Sozialenzyklika verlangt Paradigmenwechsel in Wirtschaftswelt

Für eine ganzheitliche Entwicklung

Passend zum G-8-Gipfel in der mittelitalienischen Erdbebenmetropole L'Aquila veröffentlicht Papst Benedikt XVI. am Dienstag seine mit Spannung erwartete Sozialenzyklika. Das dritte große Lehrschreiben des Pontifikates heißt nach den lateinischen Anfangsworten "Caritas in veritate" und will die katholische Soziallehre für das Zeitalter der Globalisierung fortschreiben.

Autor/in:
Johannes Schidelko
 (DR)

Es will sich zur Entwicklung der Völker äußern und die ganzheitliche Entwicklung des Menschen in den Mittelpunkt rücken. Äußerer Anlass ist der 40. Jahrestag der Sozialenzyklika "Populorum progressio" (Die Entwicklung der Völker) von Papst Paul VI. Sie erschien 1967 - und so war das neue Schreiben auch bereits vor zwei Jahren erwartet worden. Aber aus praktischen wie inhaltlichen Gründen verzögerte es sich mehrfach. Im vergangenen Herbst zog Benedikt XVI. den fertigen Entwurf nochmals zur Überarbeitung zurück. Denn die Wirtschafts- und Finanzkrise hatte viele neue Frage aufgeworfen, zu denen auch die Kirche ihre Stimme einbringen will.

Bis zuletzt hat Benedikt XVI. an dem Text gefeilt. Er soll ihn sogar bei seiner Heilig-Land-Reise mitgenommen und nochmals reflektiert haben. Zum Schluss sollen noch Schwierigkeiten bei der Übersetzung des Textes ins Chinesische die Veröffentlichung verzögert haben - wie auch die ins Lateinische. Denn da die Sprache Ciceros und des Papsttums bislang keine Vokabeln für "Investmentbank" oder "Kreditklemme" kannte, müssen diese erst neu erfunden und sprachwissenschaftlich für gut befunden werden.
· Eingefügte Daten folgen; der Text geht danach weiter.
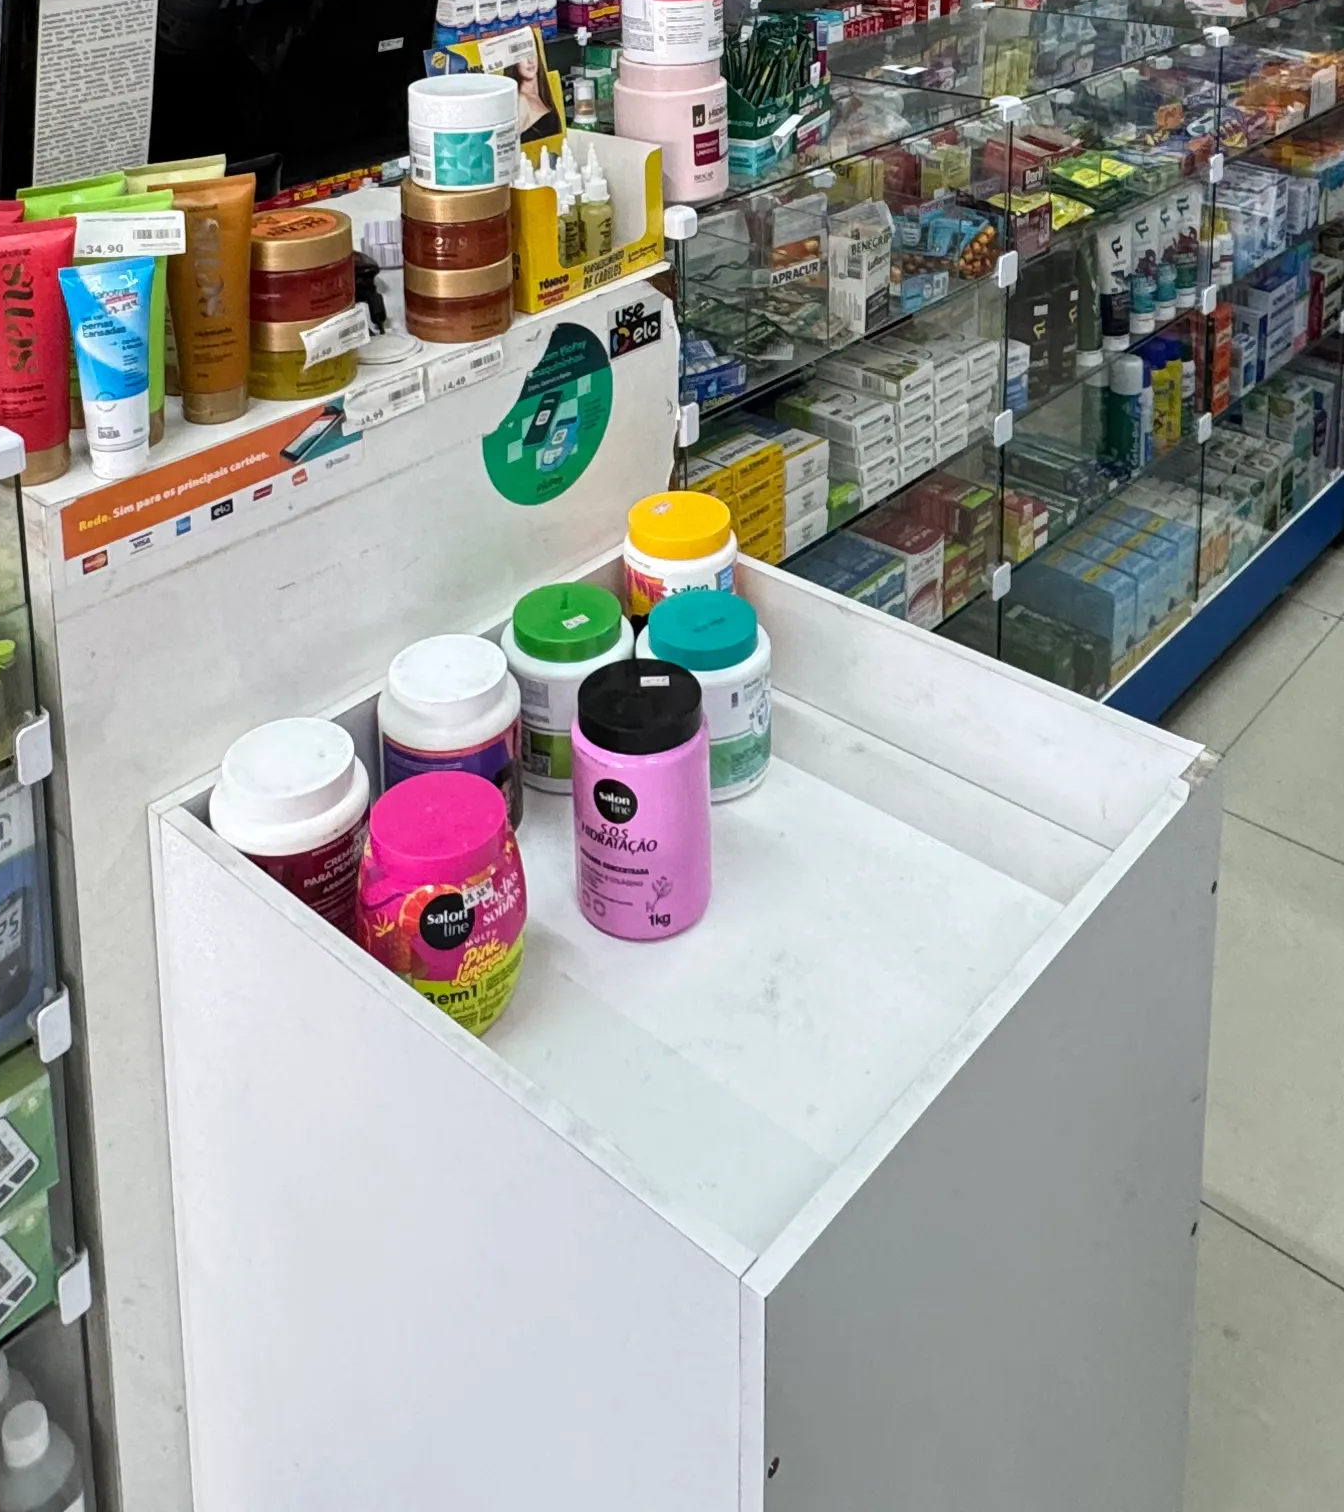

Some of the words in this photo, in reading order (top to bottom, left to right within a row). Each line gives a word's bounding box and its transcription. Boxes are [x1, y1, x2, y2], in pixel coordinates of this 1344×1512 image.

Inhalt des Lehrschreibens ist noch unter Verschluss
Der Inhalt des Lehrschreibens ist noch unter Verschluss. Es soll kein Wirtschaftspapier mit technischen Vorschlägen sein, sondern grundsätzliche Prinzipien für das Verhalten in der Wirtschafts-, Sozial- und Arbeitswelt aufzeigen. Mehrfach hatte sich der Papst in den vergangenen Wochen bereits zu seinem Projekt geäußert. Ihn beschäftigt die Frage nach Werten und Regeln für ein neues und weitsichtiges Entwicklungsmodell, das stärker den Erfordernissen von Solidarität und Menschenwürde Rechnung trägt.

Die aktuelle Wirtschafts- und Finanzkrise habe deutlich gemacht, dass bislang geltende Paradigmen neu überdacht werden müssten, sagte er vor wenigen Tagen vor US-amerikanischen Besuchern. Das gelte für die Industrie- wie für die Schwellen- und Entwicklungsländer. In der aktuellen Krise sieht der Papst einen Mangel an Ethik. Ein Wirtschaftssystem aber brauche Ethik, um funktionieren zu können, ansonsten richte es sich gegen den Menschen. Wirtschaftlicher und gesellschaftlicher Fortschritt müssen auf das Gemeinwohl ausgerichtet sein, ist die Kirche überzeugt.

Kampf gegen Armut, Hunger und Gewalt
Die Globalisierung an sich sei nicht schlecht, so haben Papst und Vatikan mehrfach deutlich gemacht. Aber sie regelten sich nicht selbst und dürften sich nicht selbst regulieren. Mit klaren Vorgaben jedoch könne sie eine Chance für eine Entwicklung der Menschheit in Gerechtigkeit sein.

In dem Schreiben will Benedikt XVI. dem Vernehmen nach auf den Kampf gegen Armut, Hunger und Gewalt und auf die Verteidigung des Lebens eingehen. Er werde Gerechtigkeit in der Arbeitswelt verlangen und Dumpinglöhne verurteilen. Auch dürfte das Kirchenoberhaupt die Ungleichheit von Arm und Reich sowie Fragen von Frieden und Abrüstung behandeln, über Ökologie und Klimaschutz sprechen und Verantwortung für die Schöpfung anmahnen. Offenbar äußert er sich aber auch zu den Wurzeln der Finanzkrise, zu persönlicher Habgier, Vergötterung des Geldes und zu Egoismus. Bei alledem soll das Papstschreiben aber vor allem Wege zu Gerechtigkeit, Liebe und persönlicher Umkehr aufzeigen.